| EXERCISE GOAL |
An exact transcription of all the records, free of pictures, is the expected answer.

(Source records)
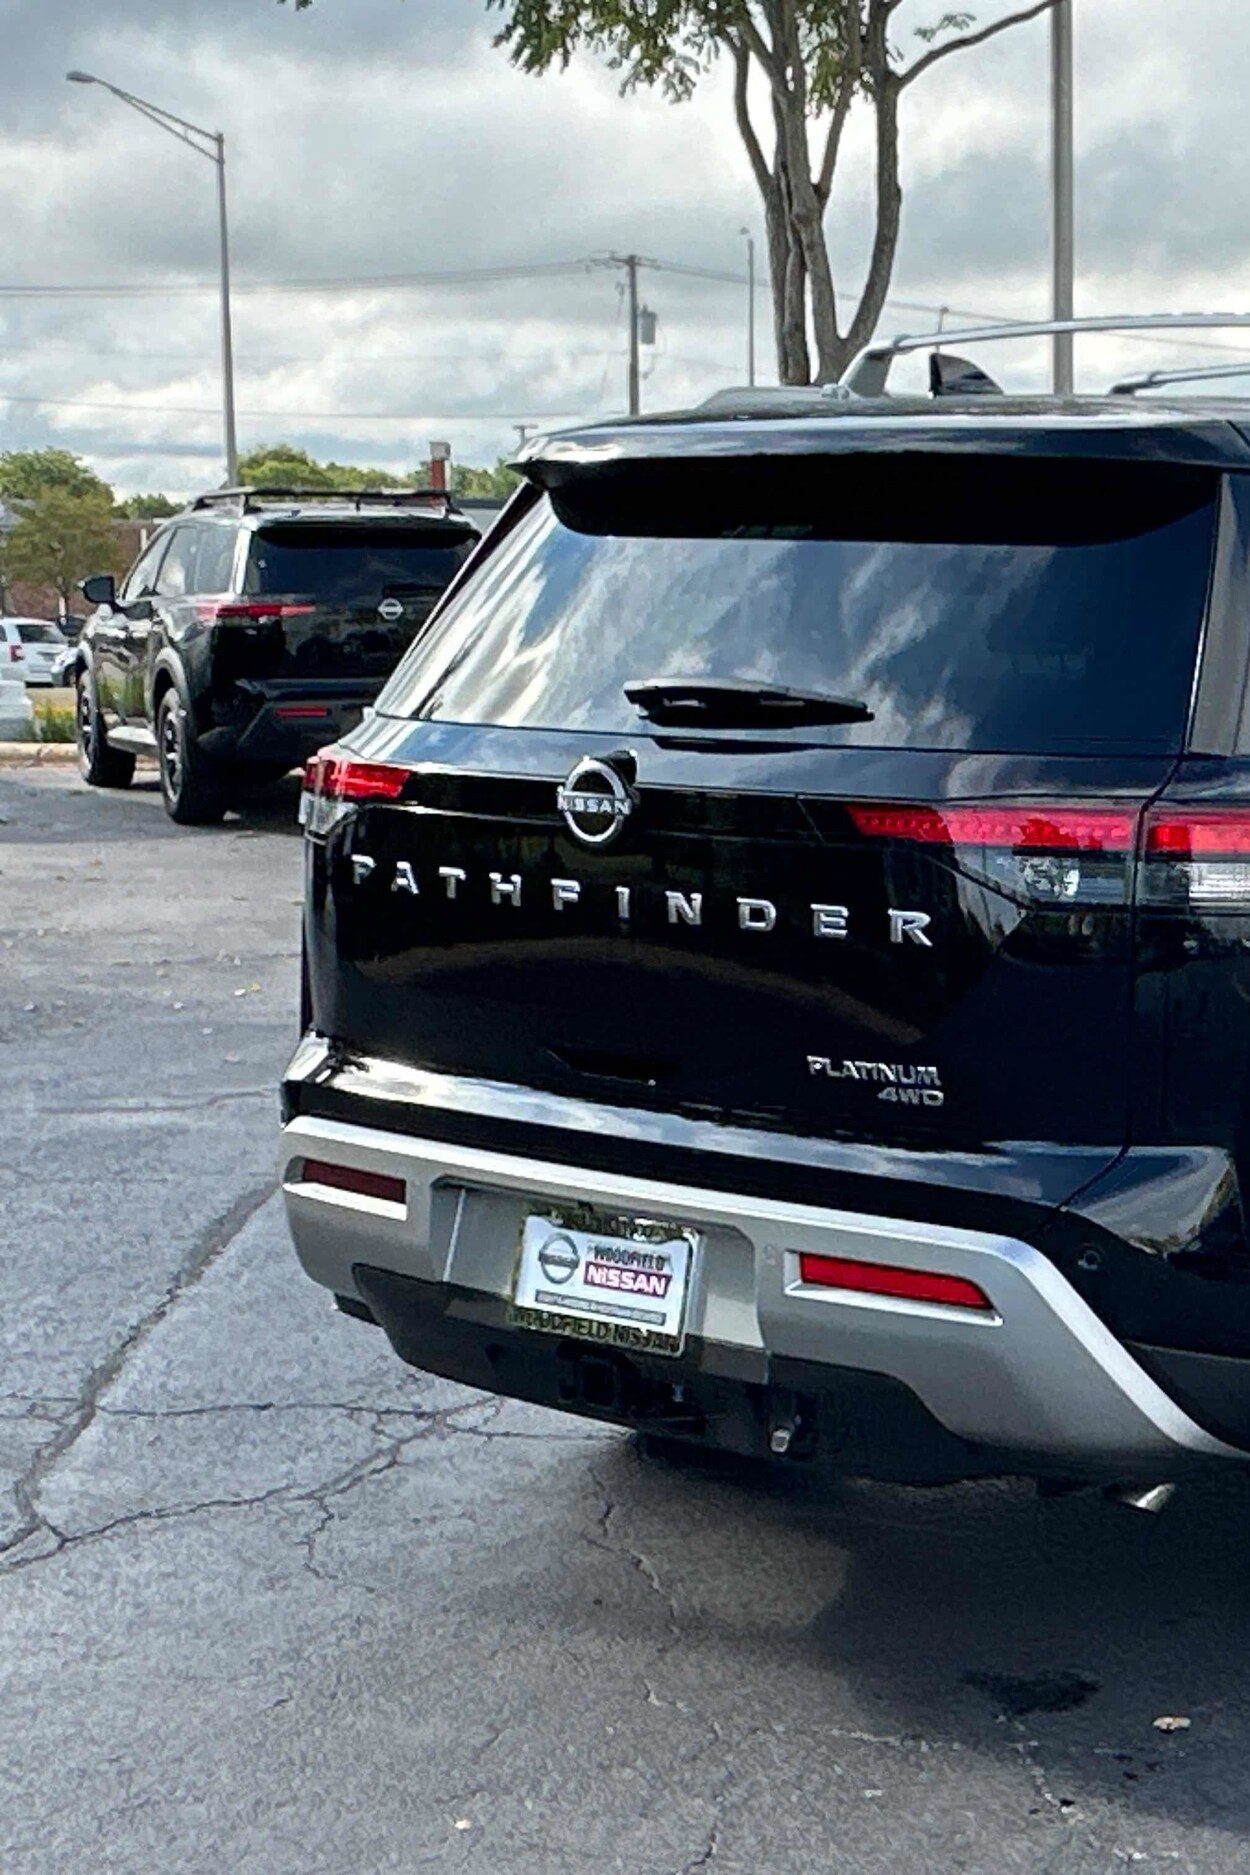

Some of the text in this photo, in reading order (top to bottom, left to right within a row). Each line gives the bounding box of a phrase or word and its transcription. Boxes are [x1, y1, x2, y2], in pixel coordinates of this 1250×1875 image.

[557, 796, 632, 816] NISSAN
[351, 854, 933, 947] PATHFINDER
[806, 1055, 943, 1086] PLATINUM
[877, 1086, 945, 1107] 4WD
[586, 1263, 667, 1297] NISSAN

| EXERCISE RESPONSE |
Some of the text in this photo, in reading order (top to bottom, left to right within a row). Each line gives the bounding box of a phrase or word and its transcription. Boxes are [x1, y1, x2, y2], in pixel coordinates of this 1250×1875 image.

[557, 796, 632, 816] NISSAN
[351, 854, 933, 947] PATHFINDER
[806, 1055, 943, 1086] PLATINUM
[877, 1086, 945, 1107] 4WD
[586, 1263, 667, 1297] NISSAN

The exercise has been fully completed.